Suppression for lung metastasis by depletion of collagen I and lysyl oxidase via losartan assisted with paclitaxel-loaded pH-sensitive liposomes in breast cancer.

Tumor metastasis would seriously impair the efficacy of chemotherapy. Our previous studies showed losartan combined with paclitaxel-loaded pH-sensitive cleavable liposomes (PTX-Cl-Lip) facilitated paclitaxel accumulation and led to enhanced antitumor efficacy in 4T1 bearing mice. Since losartan could inhibit the level of collagen I which was related to tumor metastasis, this strategy was further applied to suppress tumor metastasis this time. Our in vivo anti-metastatic study manifested losartan could lower the colonies occupied in lungs by 76.4% compared with that of saline group. When losartan and PTX-Cl-Lip were combined, anti-metastatic efficiency reached to 88.2%, which was the best among all the groups. In vitro 3D tumor spheroids studies proved losartan could significantly suppress the invasion of tumor cells. Losartan plus PTX-Cl-Lip could further weaken the metastasis of tumor cells. Mechanism study showed the declination of collagen I level via losartan was caused by inhibition of active transforming growth factor-ß1. Western-blot study showed losartan could decrease the level of lysyl oxidase, then inhibit the cross-linking of collagen I, finally weakened the cell signaling transmit via integrin and the metastasis of tumor cells was restrained. All above studies illustrated this combined tactic could achieve favorable effect on suppression of lung tumor metastasis.

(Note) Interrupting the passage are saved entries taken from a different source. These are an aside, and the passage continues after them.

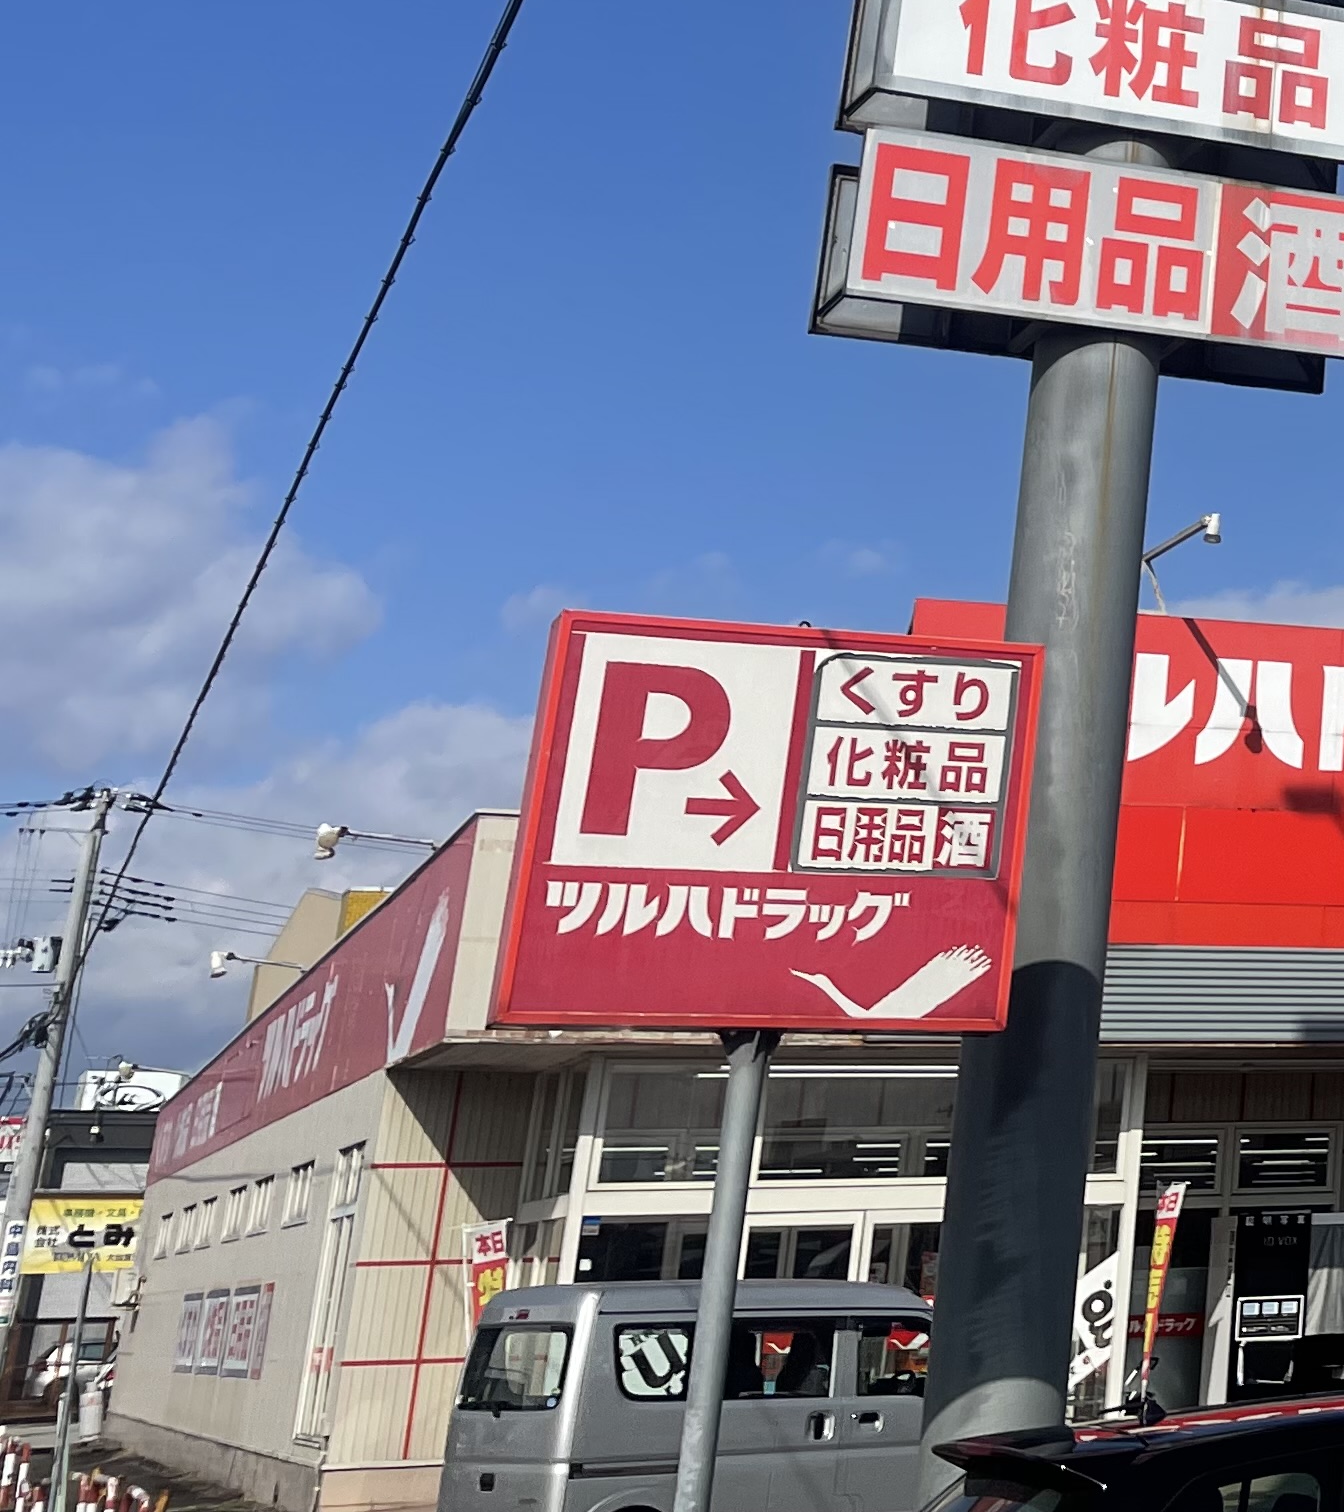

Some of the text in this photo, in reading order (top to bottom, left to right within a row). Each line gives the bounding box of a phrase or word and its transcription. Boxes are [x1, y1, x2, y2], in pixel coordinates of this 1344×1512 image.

[860, 141, 1202, 321] 日用品
[839, 665, 990, 721] くすり
[579, 660, 731, 836] P
[825, 735, 987, 794] 化粧品
[809, 806, 994, 868] 日用品 酒
[545, 879, 911, 945] ツルハドラッグ
[67, 1223, 135, 1248] とみ
[475, 1231, 504, 1256] 本日

A dual strategy to improve the penetration and treatment of breast cancer by combining shrinking nanoparticles with collagen depletion by losartan.

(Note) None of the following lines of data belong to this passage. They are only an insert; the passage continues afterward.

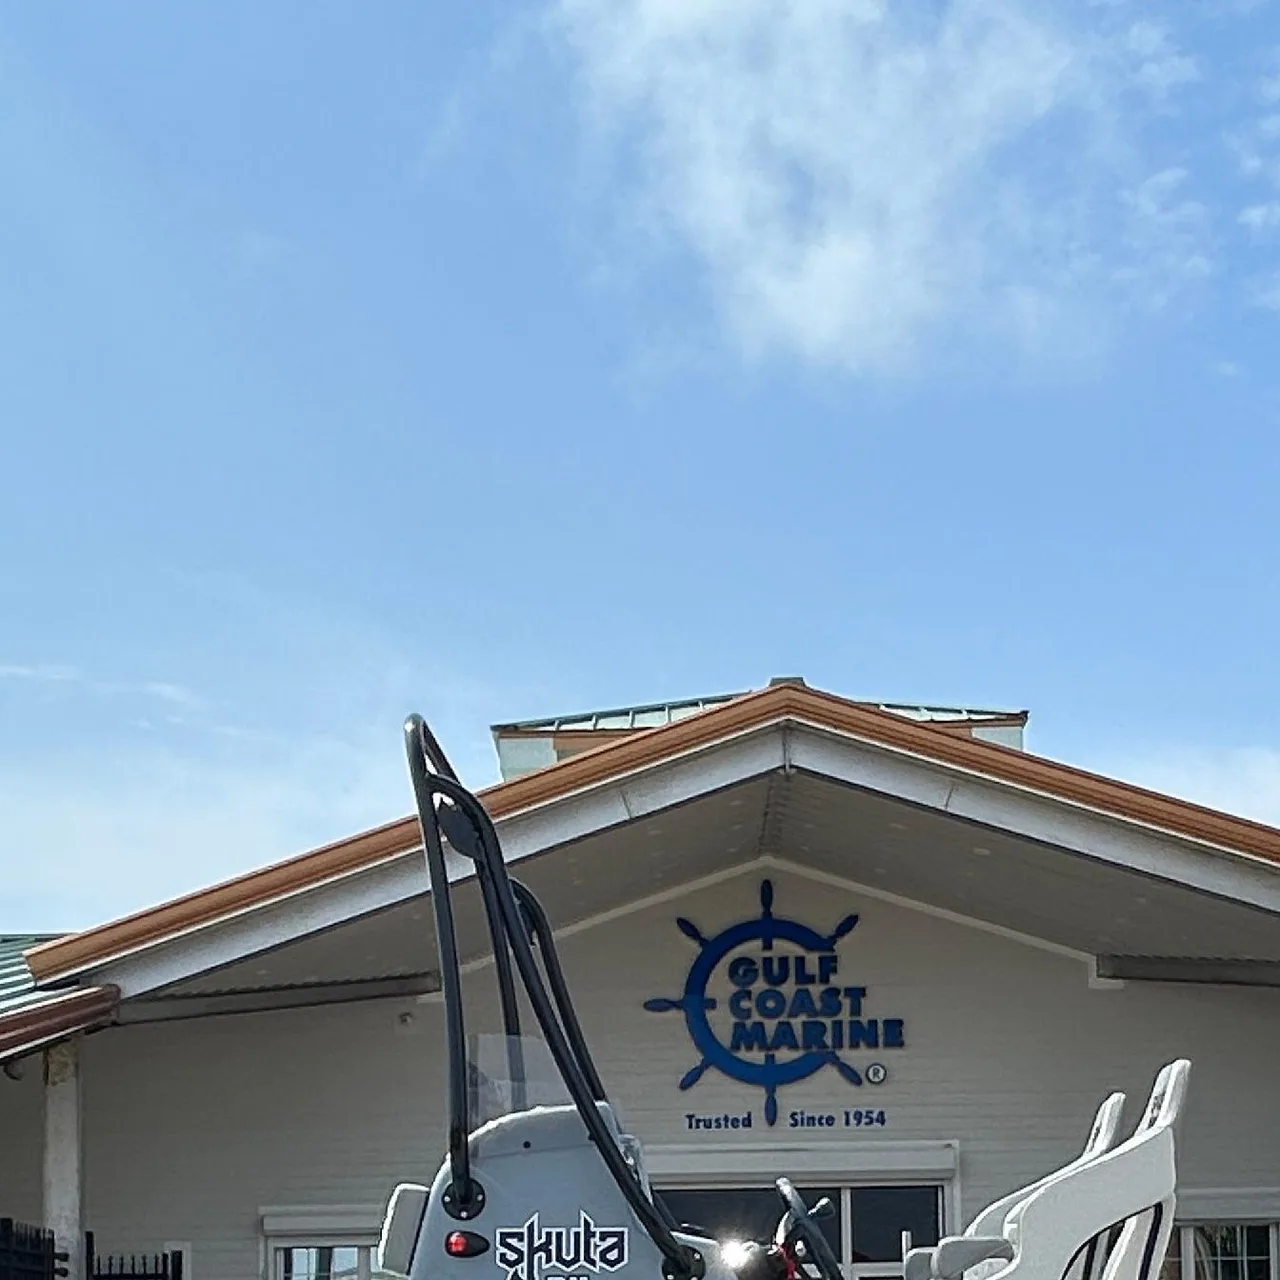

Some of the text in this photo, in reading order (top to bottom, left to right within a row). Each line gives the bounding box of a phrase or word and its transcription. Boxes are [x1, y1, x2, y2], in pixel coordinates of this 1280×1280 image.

[728, 955, 838, 987] GULF
[728, 987, 867, 1019] COAST
[729, 1019, 905, 1051] MARINE
[685, 1110, 886, 1129] Trusted Since 1954
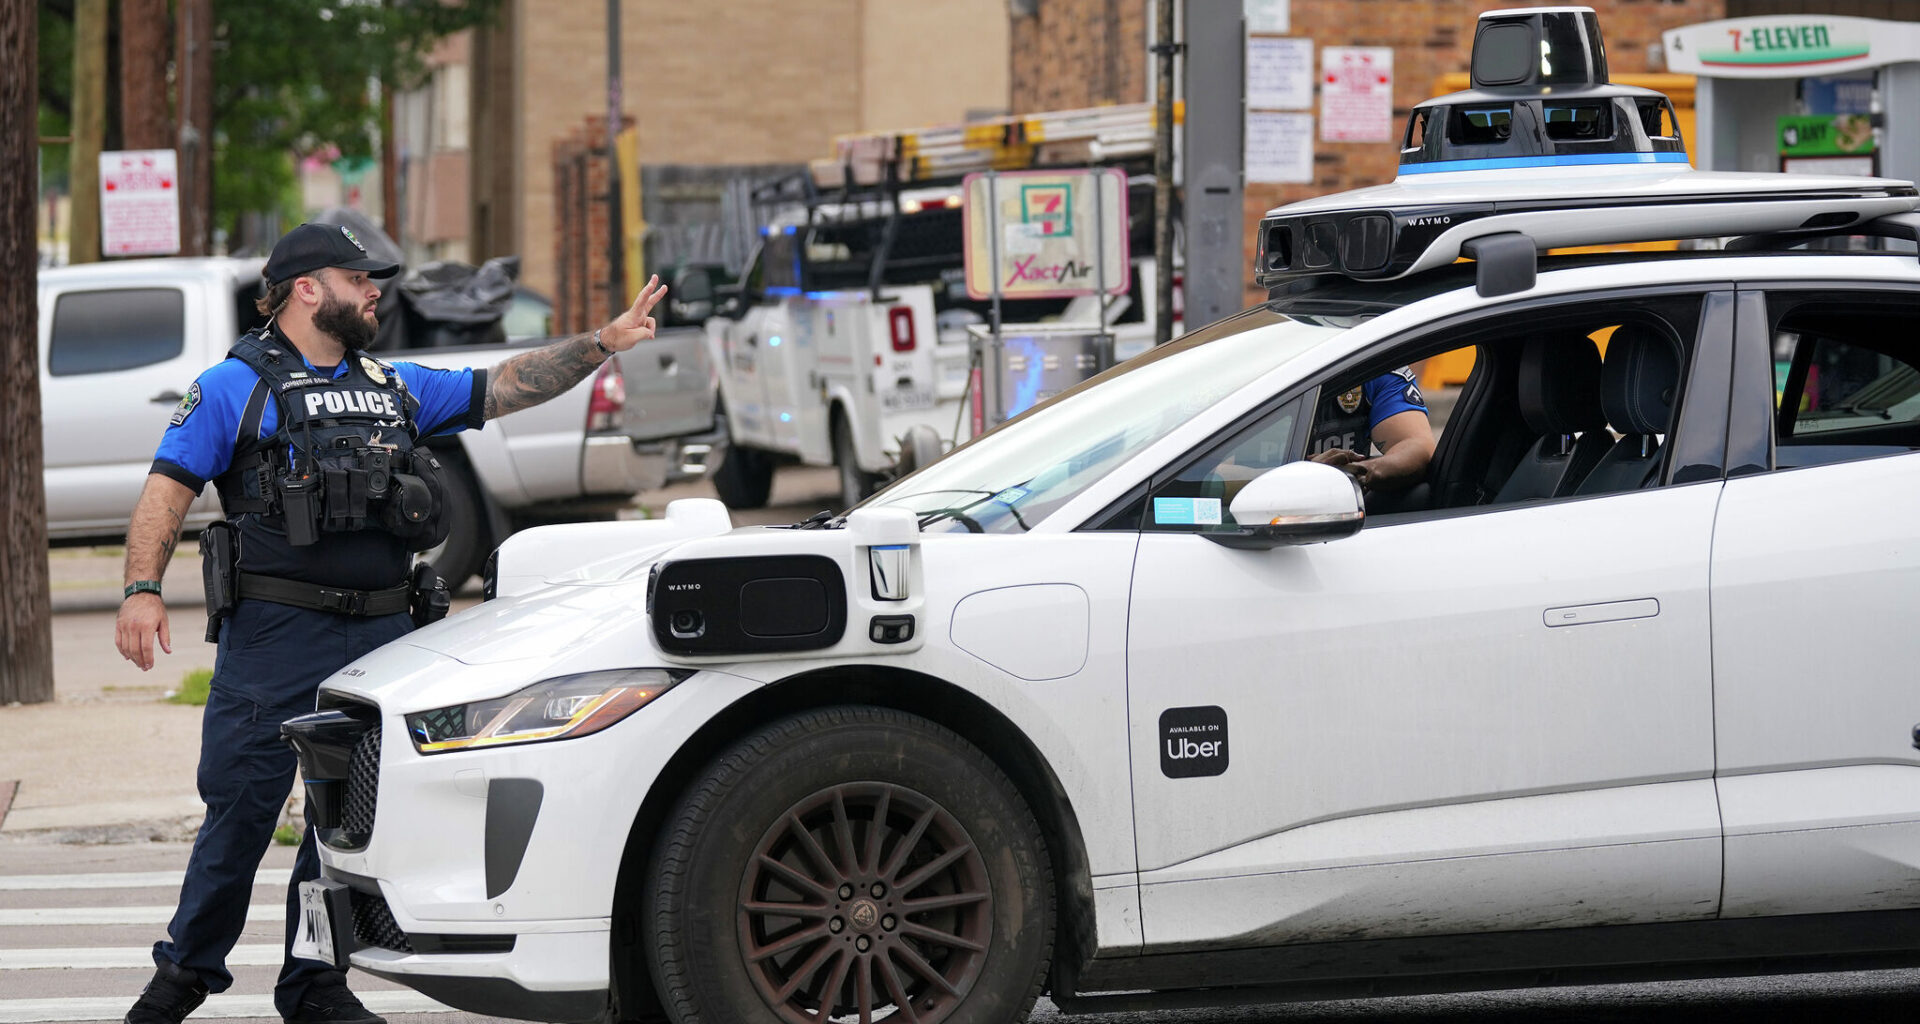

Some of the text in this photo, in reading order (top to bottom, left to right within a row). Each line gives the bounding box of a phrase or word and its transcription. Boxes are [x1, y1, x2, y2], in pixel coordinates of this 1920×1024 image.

[1407, 216, 1451, 227] WAYMO
[281, 378, 313, 390] JOHNSON
[304, 390, 398, 416] POLICE
[667, 583, 701, 591] WAYMO
[1169, 725, 1206, 734] AVAILABLE
[1167, 738, 1222, 760] Uber

Although development of nanomedicines has been a promising direction in tumor treatment, the therapeutic outcome of current nanomedicines is unsatisfying, partly because of the poor retention and penetration in tumors. Recently, a kind of tumor microenvironment sensitive size shrinkable nanoparticles (DOX-AuNPs-GNPs) has been developed by our lab, which could enhance the tumor penetration and retention depending on the size shrinking. However, the further enhancement is still restricted by dense collagen network in tumors. Thus in this study, we combined DOX-AuNPs-GNPs with losartan to deplete tumor collagen (constituted up to 90% of extracellular matrix) to further improve tumor penetration. In vitro, DOX-AuNPs-GNPs can shrink from over 117.8nm to less than 50.0nm and release DOX-AuNPs under the triggering of tumor overexpressed matrix metalloproteinases-2 (MMP-2). In vivo, pretreatment with losartan significantly decrease the collagen level and improve the tumor penetration. In combination, losartan combined with DOX-AuNPs-GNPs showed the best drug delivery efficiency, striking penetration efficiency and best 4T1 breast tumor inhibition effect. In conclusion, this study provided a promising synergetic strategy to improve the tumor treatment efficiency of nanomedicines. STATEMENT OF SIGNIFICANCE: We have developed a dual strategy for deep tumor penetration through combining size shrinkable DOX-AuNPs-GNPs with depleting tumor collagen by losartan. Additionally, we demonstrate therapeutic efficacy in breast tumor bearing mouse model. DOX-AuNPs-GNPs co-administration with losartan is a novel and highly attractive strategy for anti-tumor drug delivery with the potential for broad applications in clinic.